So then just what are the bad books I mean? What then defines junk? I can only contribute my own unscientific observation of more than twenty years experience selling books, and by no means do I propose the following as a comprehensive catalogue of offenses against sense committed even in just my working lifetime in bookstores. (Some bad books, blessedly, one can forget before they've even been marked down and or returned.) As I've suggested already, I wish someone better qualified than myself might take up this problem and address it honestly. But since no one has, so far as I have seen or read to date, I think I might at least start the discussion, as best I can, by offering here a short list of what I've come to recognize as worthless books. Anyone may add to this, object to any part of it, or elaborate any reasons they may have for finding even the idea of such a list objectionable, as I would welcome any reasonable conversation about this, at least if I'm offered lunch first. But I do think this is something worth bringing into the discussion of why traditional publishing is in crisis, or any serious discussion of the future of books, publishing and bookstores, and so I think I'll just have a go.
Here then, my (partial) list of bad books:
Anything for which the publisher paid to a "celebrity" in an advance more than that "celebrity" has either earned by honest labor or contributed in either taxes or charity to the common good.
Any book that reproduces on paper what wasn't worth the time wasted giggling at it on Internet.

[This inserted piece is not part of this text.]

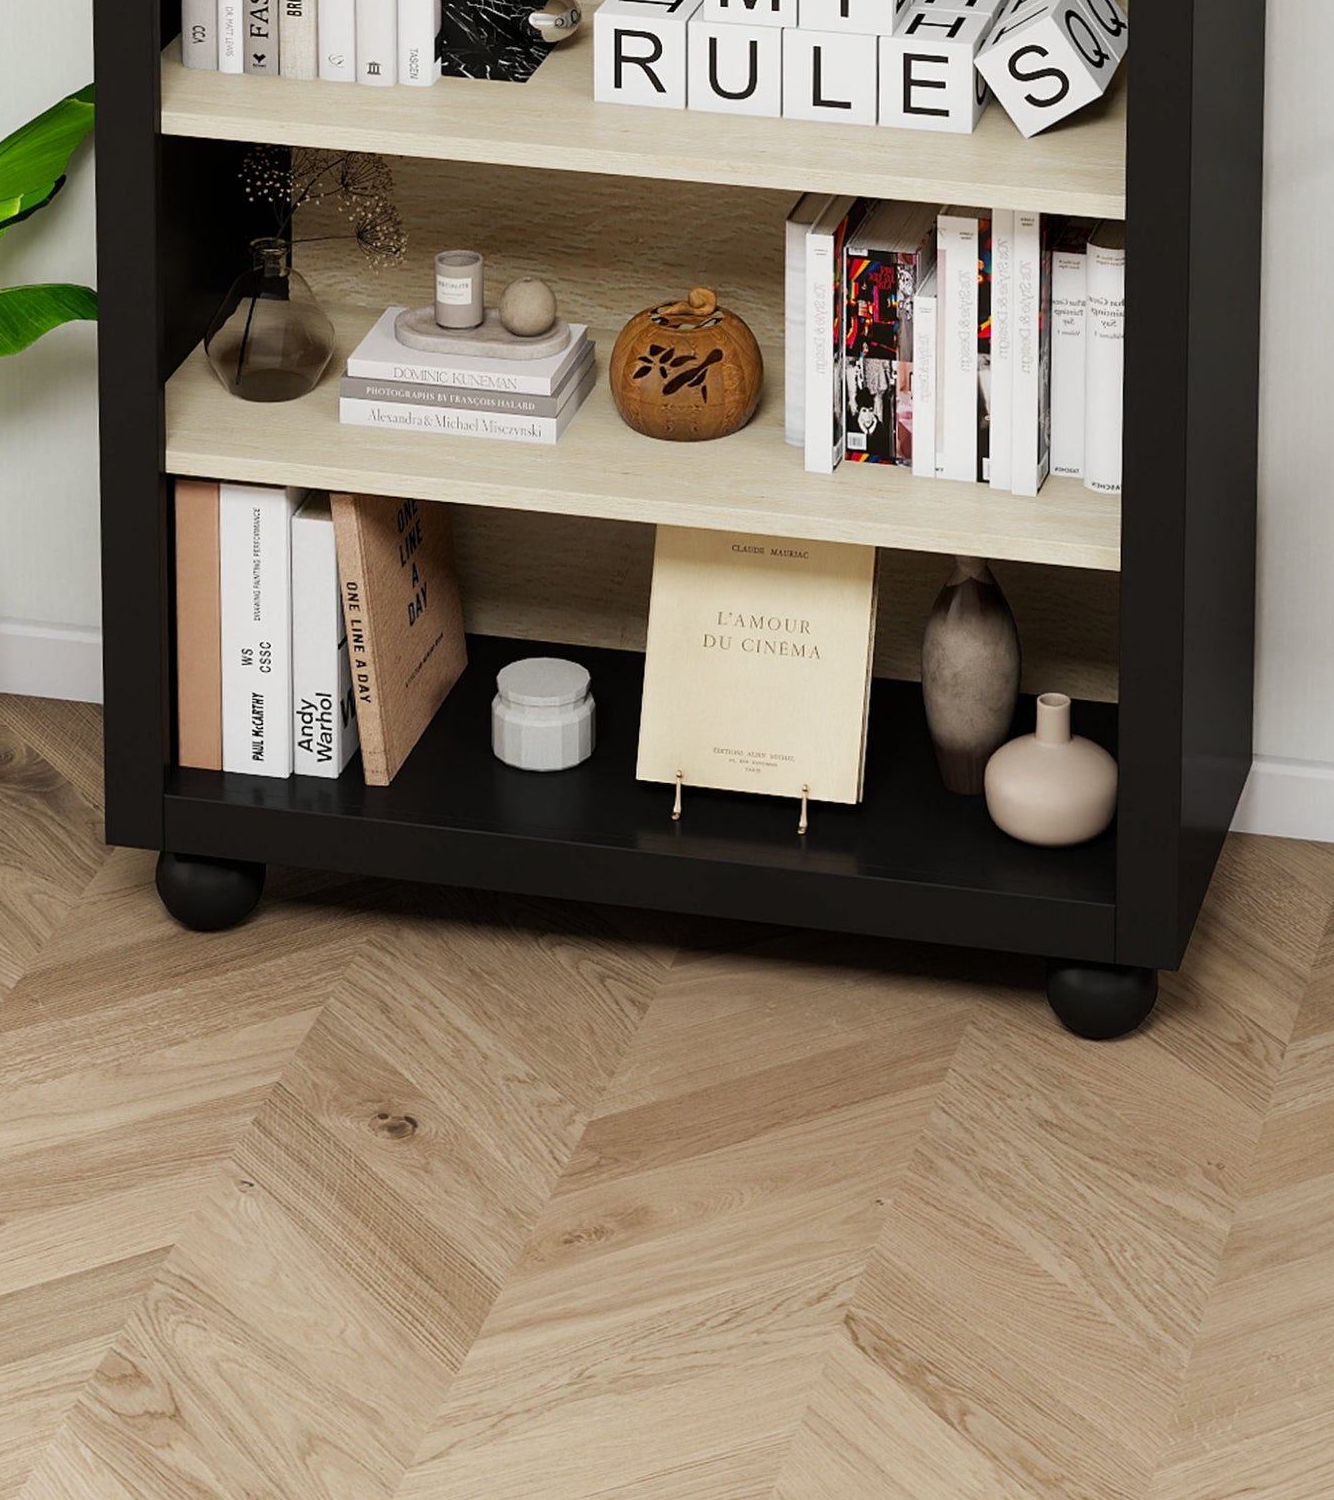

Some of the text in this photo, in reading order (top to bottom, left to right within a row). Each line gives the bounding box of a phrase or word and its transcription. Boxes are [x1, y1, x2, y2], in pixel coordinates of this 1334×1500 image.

The proceedings of any conference for which the intended and honestly anticipated audience was present to hear it at the time.
The "novelization" of anything.
Cookbooks, travel guides, and or local history of any area or region that exists only in so far as it provides an excuse to market books to disparate, if not entirely unrelated people and places, as all part of an otherwise meaningless, but potentially flattering niche brand. (Just here, I'm following the popular mantra of the day and "thinking locally." Just how is Wyoming anything to do with Seattle, or Portland anything to do with Bellevue, Washington, let alone Idaho, other than all being part of some ill-defined geography called "The Northwest?")
Any and every children's picture book ever illustrated by the author's own school-aged child -- or anybody else's, for that matter.
The sequels to and or knock-offs of any fad already passed before these can be rushed into print.
Any American academic defense of or argument against an intellectual novelty already abandoned in its European country of origin.
Journalistic, poetic or photographic memorials of any disaster in a book, the full proceeds of the publication of which do not go to relieve the suffering of those affected.
The collected wit and wisdom of any serving or recently retired member of Congress, unindicted or otherwise.
Any anthology organized only by the common experience of its contributors of any non-life-threatening or even disabling discomfort.
All celebratory volumes intended only to congratulate the reader for having reached either a certain unremarkable age or for having earned a diploma in anything.
Every book that earnestly or otherwise describes at length the irrelevance of books.
The hardcover catalogue of any exhibition that primarily features empty rooms.
Any book designed to be opened in more than three ways.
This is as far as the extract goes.